PostPosted: Sun Aug 28, 2016 4:02 pm
by smokie treats
I tried to solve Largo_04 with AZD on progressive mode for 57 attempts, and the solver locked in on this:

Score: 21504 Ioc: 718 M: 185 C: 340 S: 63

lanallystbertstho
ngtiandsondeasout
stsanteherhotobeg
icncalcallytheren
thatitsomersosehe
rnedonalallystomo
storimitiesebeder
insascallyhottest
inintonandsemidda
sedoesarahashantt
edbegincanallysur
renedirreconsheth
eirhugefibriorttr
ipsingshegictopas
callyhreachestner
sonstaterofthipor
dmarsinthernedinc
annallypoisstocap
retodetheighttheg
instdeatylatdpdyc

It looks like there may be a lot of repeated phrases. I marked some consistencies in red.
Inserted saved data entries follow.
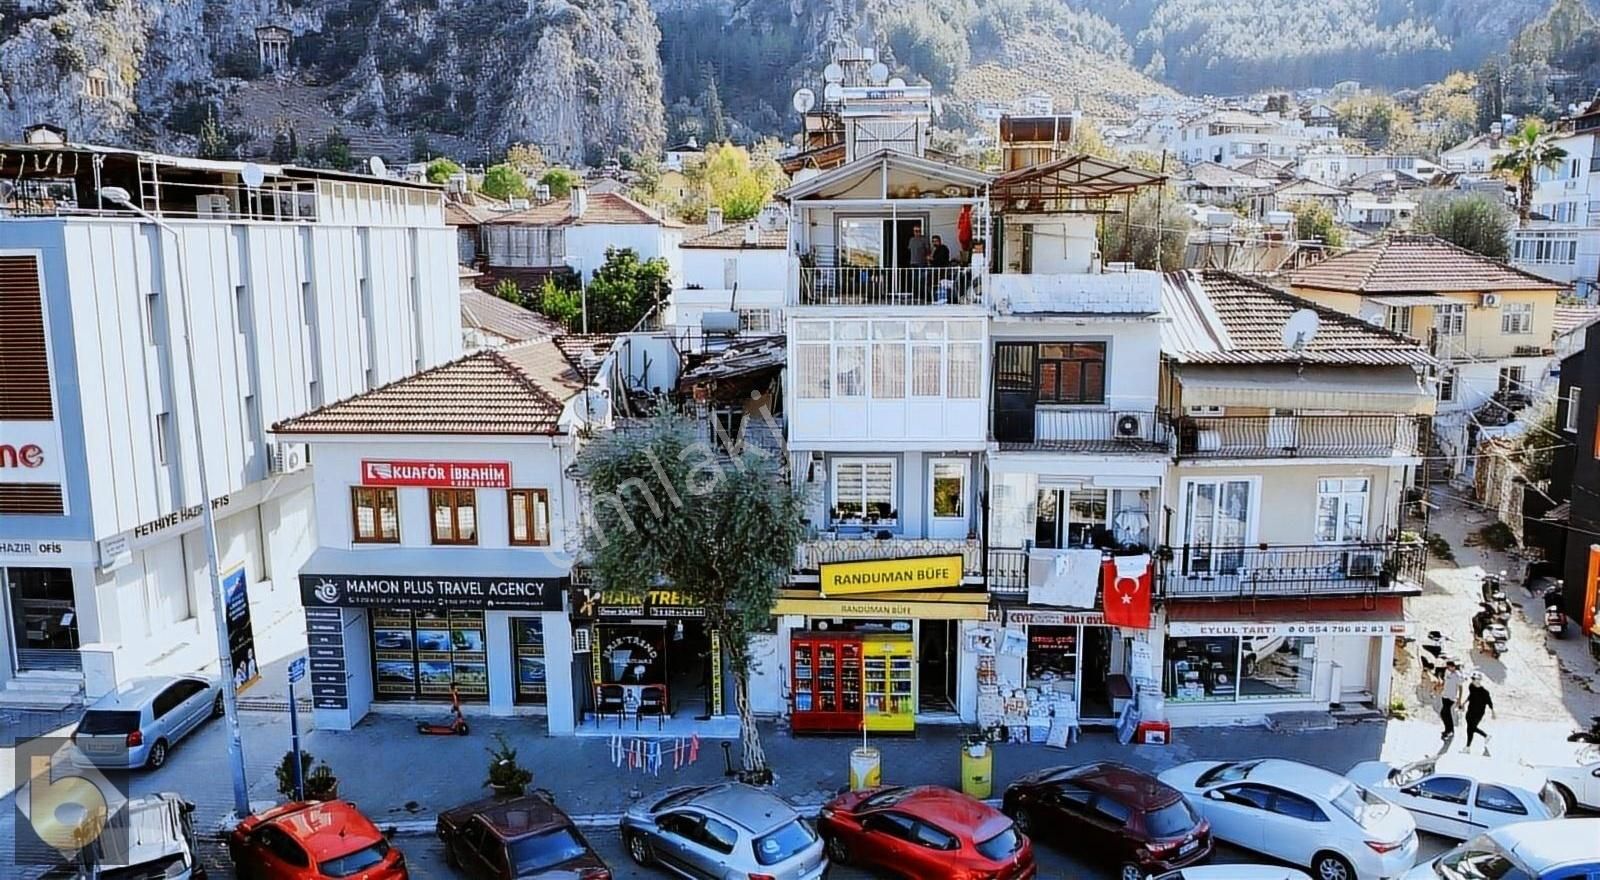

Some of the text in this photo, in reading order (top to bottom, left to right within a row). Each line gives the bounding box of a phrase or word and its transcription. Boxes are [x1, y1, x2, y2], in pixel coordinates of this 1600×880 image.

[392, 463, 505, 480] KUAFÖR İBRAHİM
[0, 543, 31, 553] HAZIR
[834, 567, 949, 586] RANDUMAN BÜFE
[346, 579, 544, 596] MAMON PLUS TRAVEL AGENCY
[841, 603, 890, 614] RANDUMAN
Re: Not all homophonic substitutions can be auto-solved

PostPosted: Thu Sep 01, 2016 12:50 pm
by Largo
Hi!

Thanks for trying to break my cipher smokie treats!
Is someone trying to solve it at the moment or do you want me to post the solution so that we can discuss how to auto-solve a message like Largo_04?

Maybe a small hint:
The repeating pattern "ally" does not represent an exactly repeated pattern in the plaintext. The parts are similar to each other but differ a bit.